> **Exercise description**:
Repeat the records below exactly, leaving out every picture.

/---

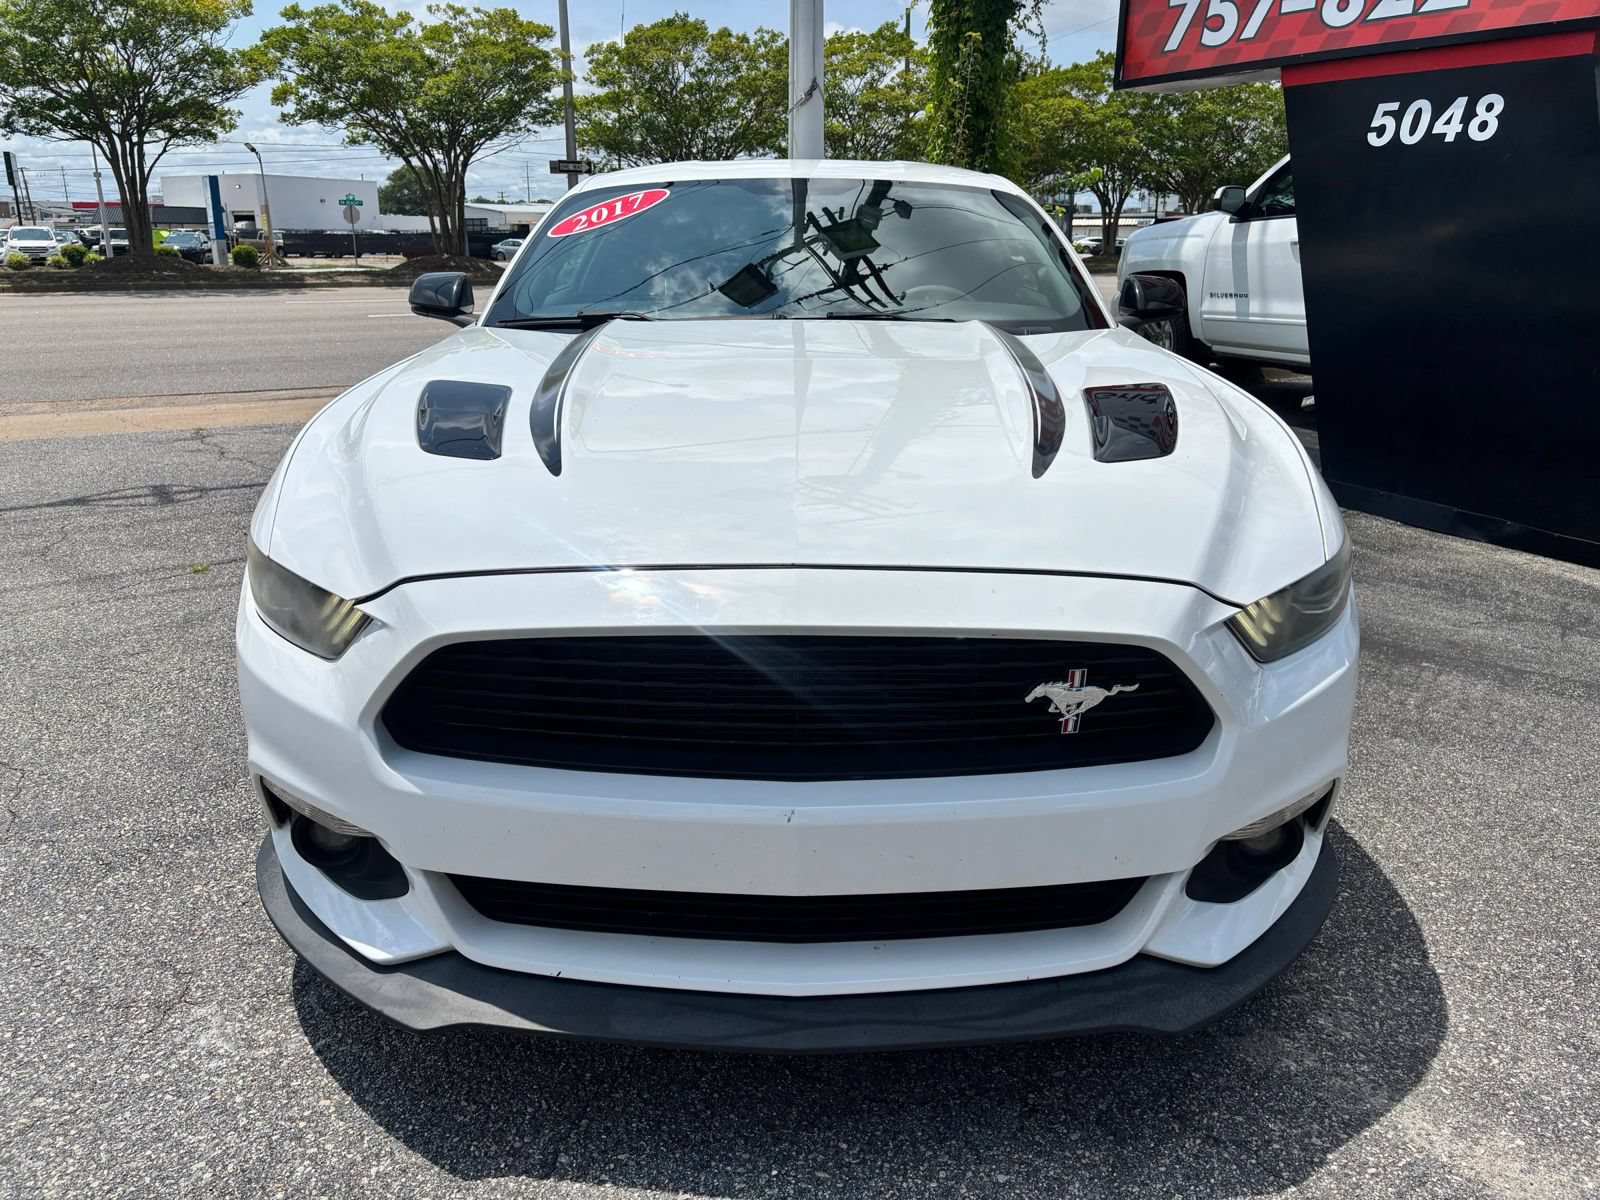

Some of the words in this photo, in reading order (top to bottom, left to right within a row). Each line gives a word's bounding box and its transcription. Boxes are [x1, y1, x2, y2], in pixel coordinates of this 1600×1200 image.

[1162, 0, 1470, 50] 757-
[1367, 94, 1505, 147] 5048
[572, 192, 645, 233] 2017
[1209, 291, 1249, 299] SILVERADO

\---

> **Reply**:
Some of the words in this photo, in reading order (top to bottom, left to right within a row). Each line gives a word's bounding box and its transcription. Boxes are [x1, y1, x2, y2], in pixel coordinates of this 1600×1200 image.

[1162, 0, 1470, 50] 757-
[1367, 94, 1505, 147] 5048
[572, 192, 645, 233] 2017
[1209, 291, 1249, 299] SILVERADO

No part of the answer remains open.